BEGIN Data supplied

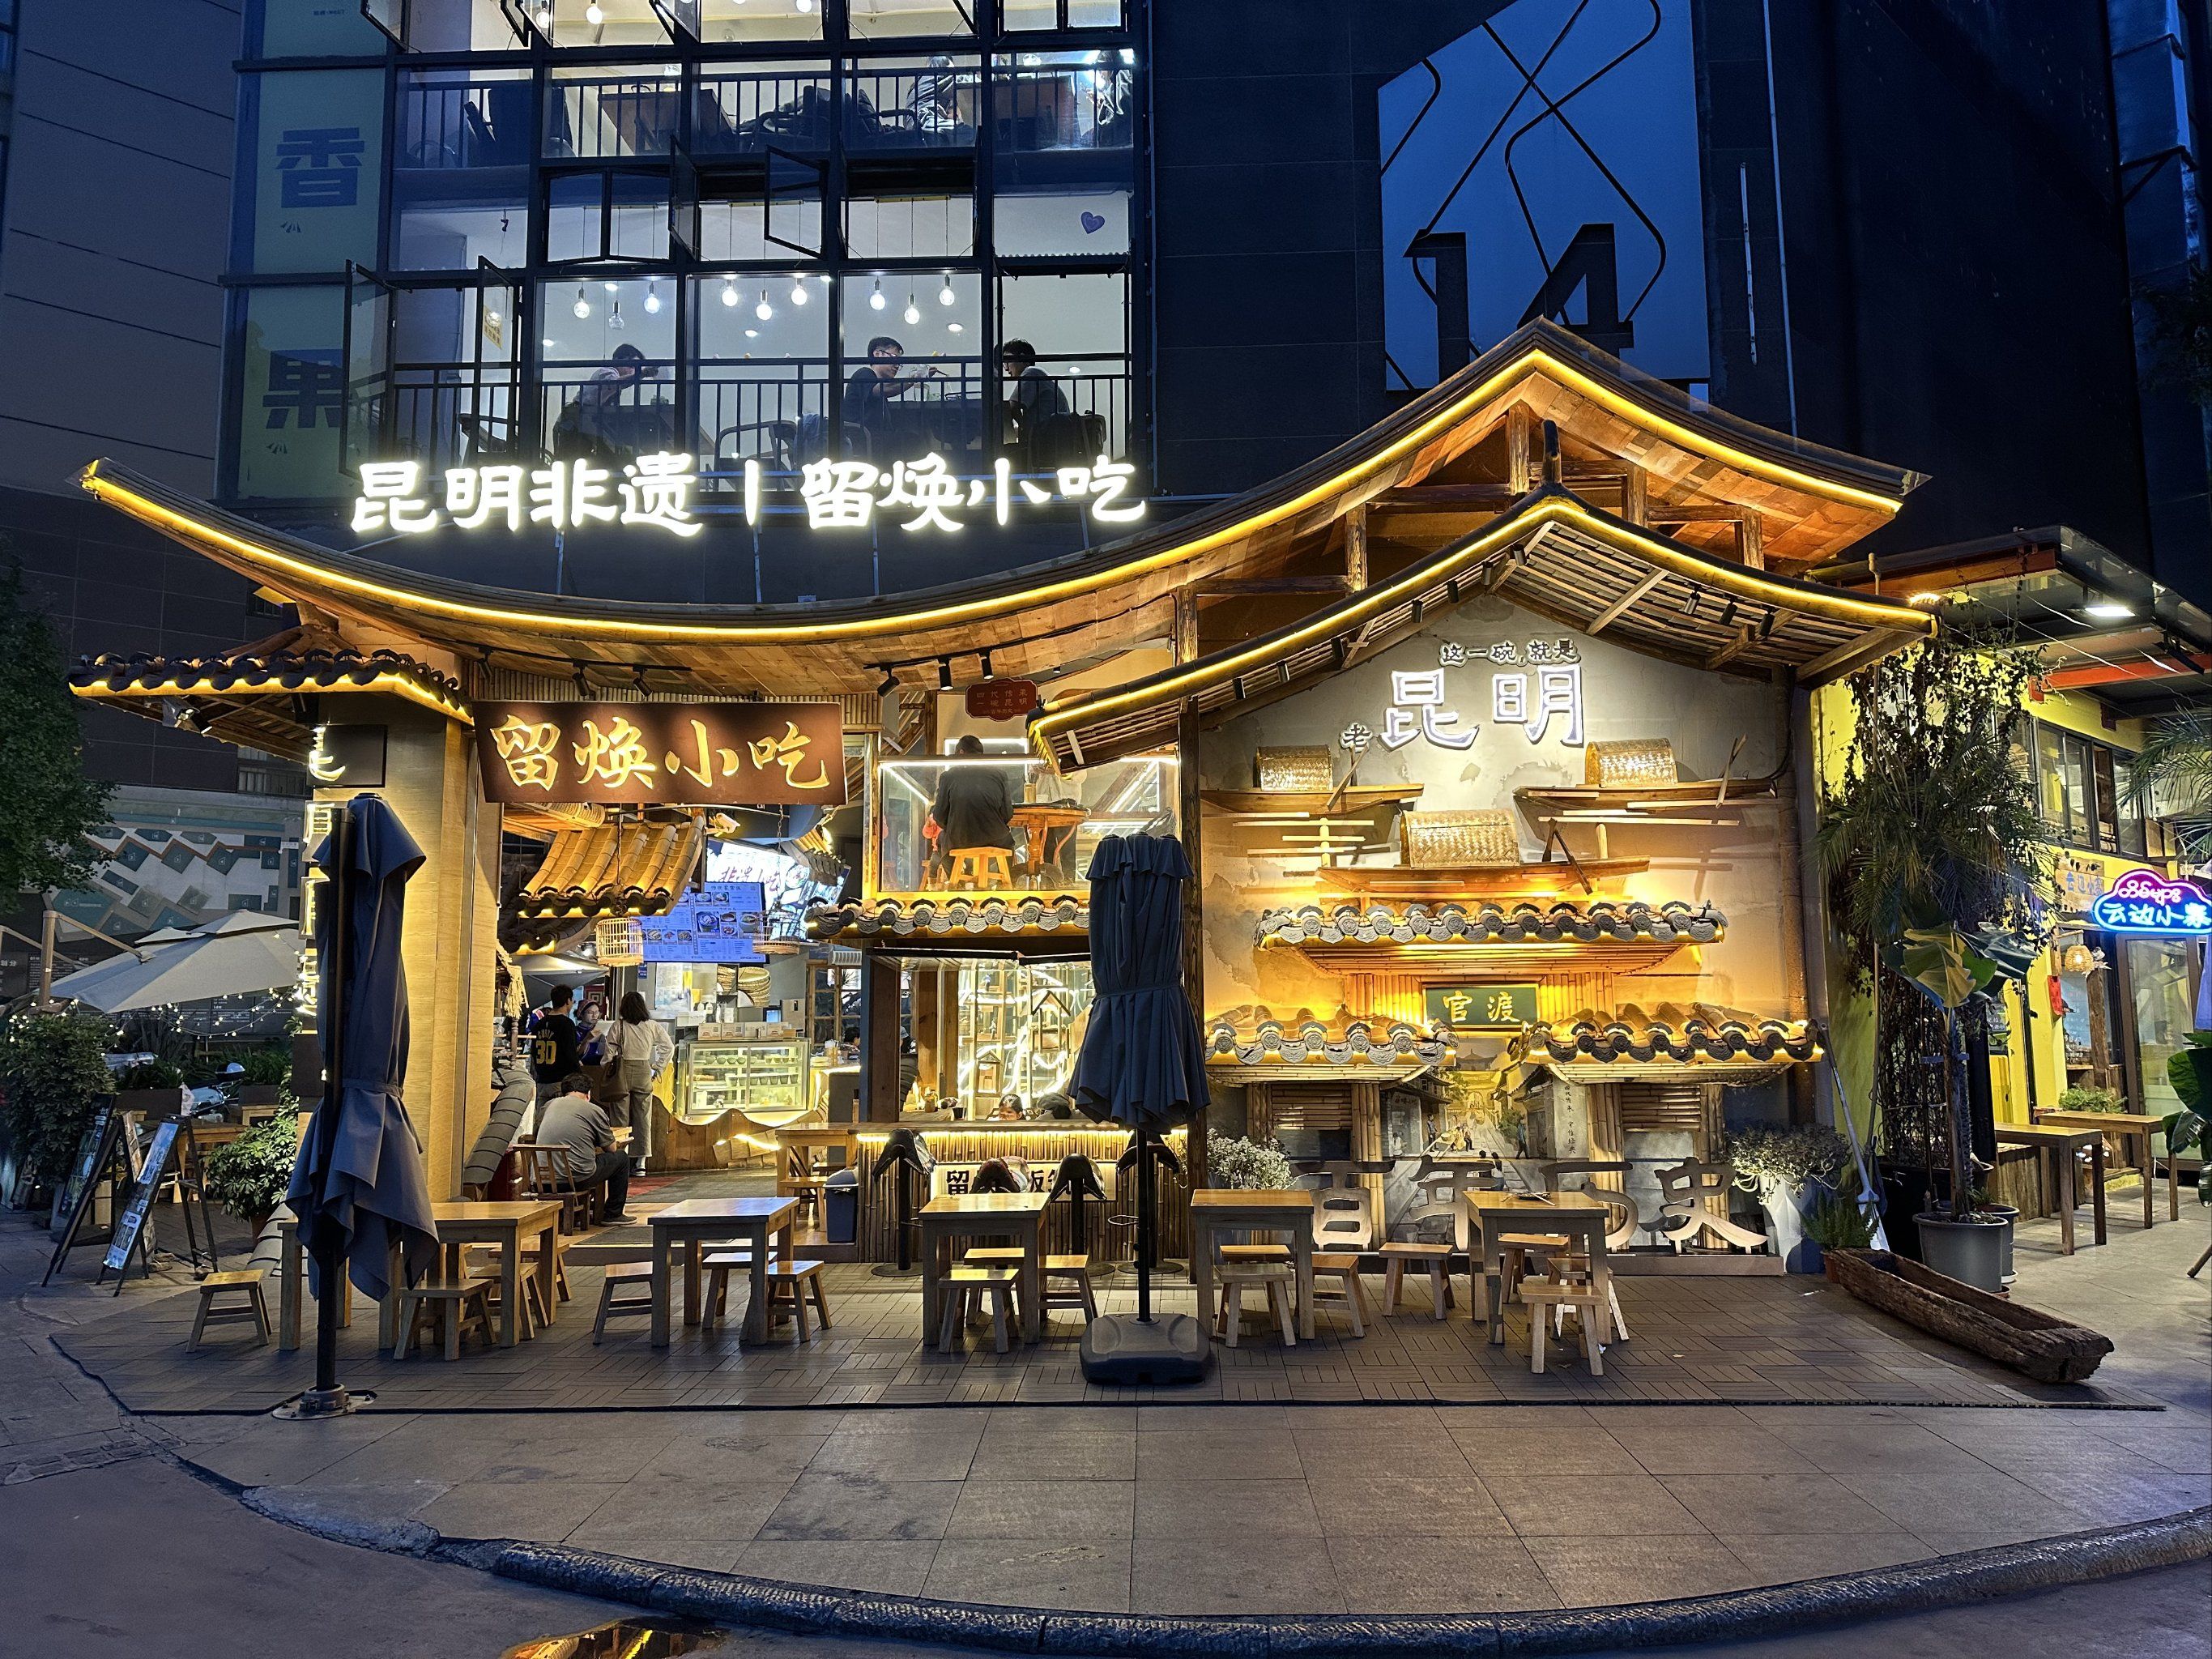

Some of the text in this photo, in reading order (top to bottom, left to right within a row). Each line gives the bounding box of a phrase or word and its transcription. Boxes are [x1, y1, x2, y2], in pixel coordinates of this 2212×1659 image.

[275, 126, 365, 208] 香
[1403, 224, 1634, 382] 14
[262, 348, 343, 429] 果
[351, 450, 704, 537] 昆明非遗
[799, 451, 1146, 532] 留焕小吃
[976, 689, 1028, 699] 四代传承
[976, 697, 1028, 707] 一碗昆明
[490, 714, 830, 791] 留焕小吃
[1443, 990, 1520, 1022] 官渡
[535, 1039, 557, 1064] 30
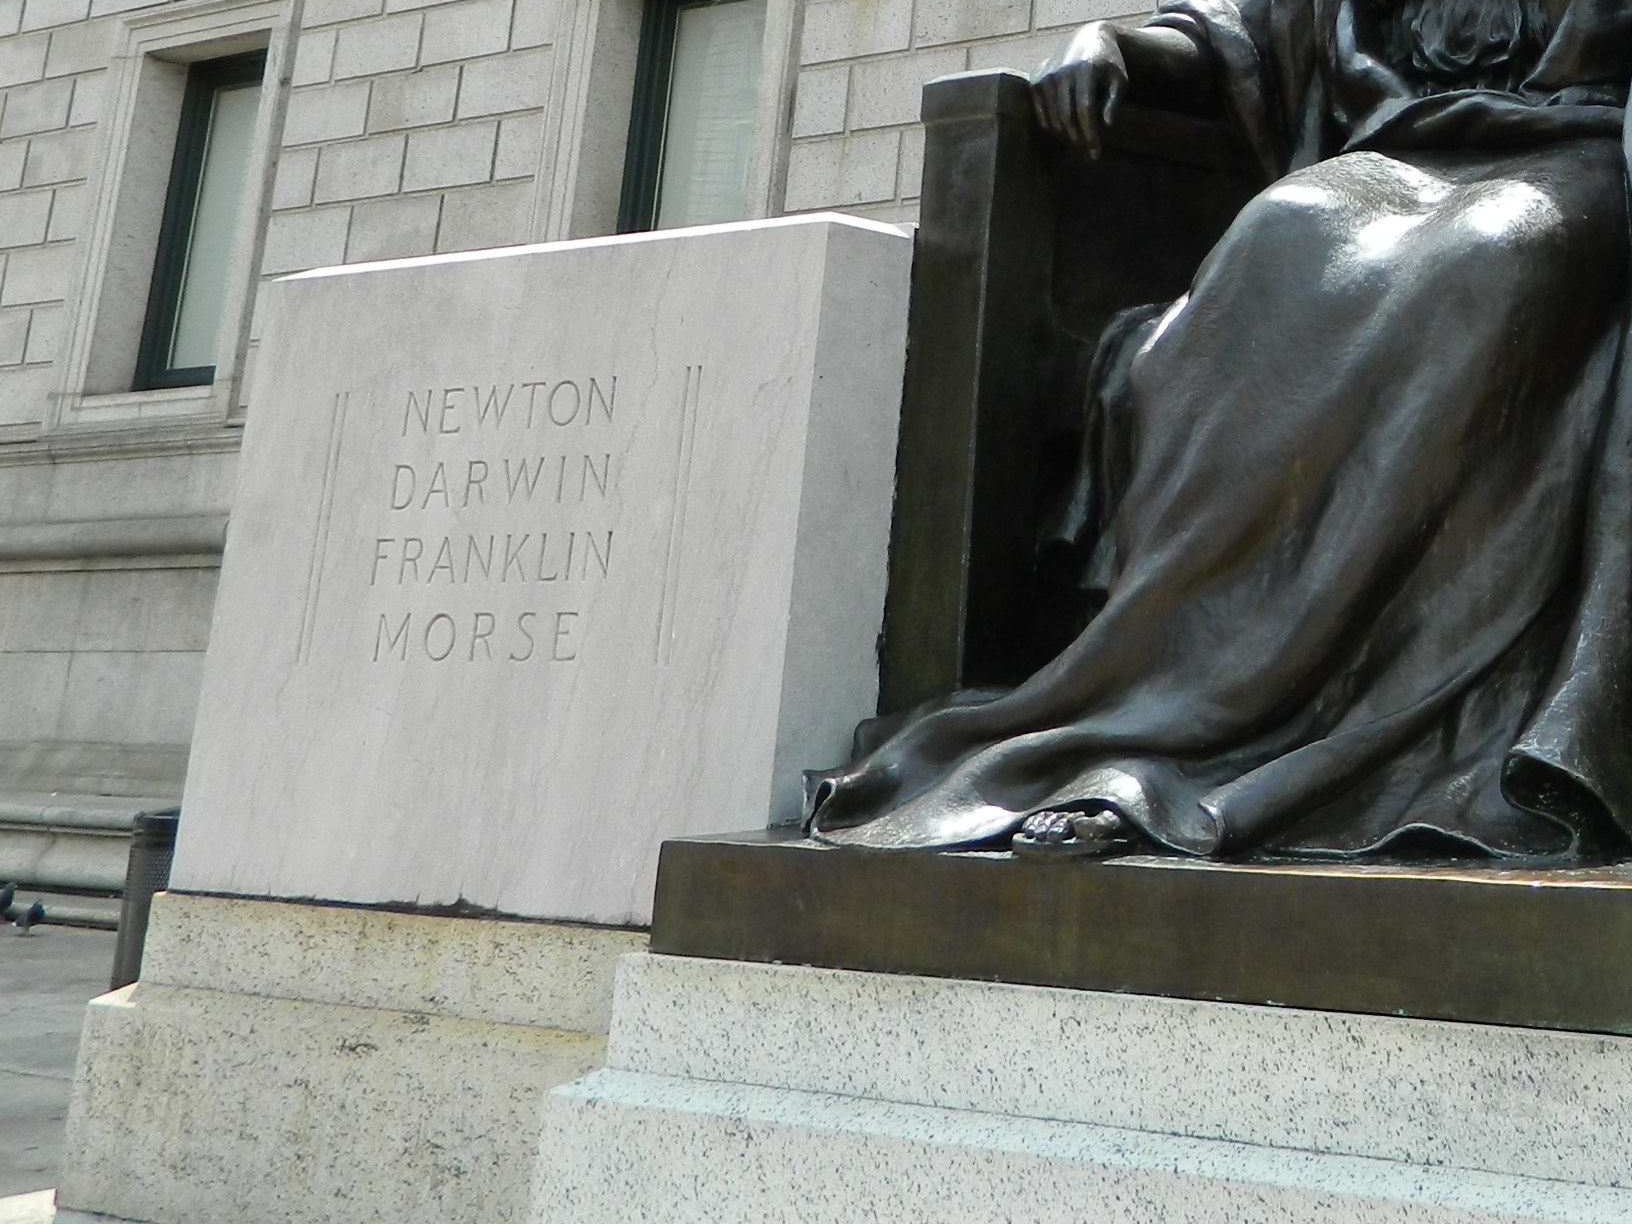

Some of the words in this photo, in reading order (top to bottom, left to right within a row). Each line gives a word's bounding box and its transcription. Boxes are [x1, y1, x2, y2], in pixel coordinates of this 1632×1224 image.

[401, 376, 618, 437] NEWTON
[391, 453, 611, 511] DARWIN
[370, 530, 614, 586] FRANKLIN
[372, 612, 579, 662] MORSE

END Data supplied

■ Task to complete: Transcribe exactly, and only, the lines from the one with "Some of the words" through the last line of the data.

■ Exercise solution:
Some of the words in this photo, in reading order (top to bottom, left to right within a row). Each line gives a word's bounding box and its transcription. Boxes are [x1, y1, x2, y2], in pixel coordinates of this 1632×1224 image.

[401, 376, 618, 437] NEWTON
[391, 453, 611, 511] DARWIN
[370, 530, 614, 586] FRANKLIN
[372, 612, 579, 662] MORSE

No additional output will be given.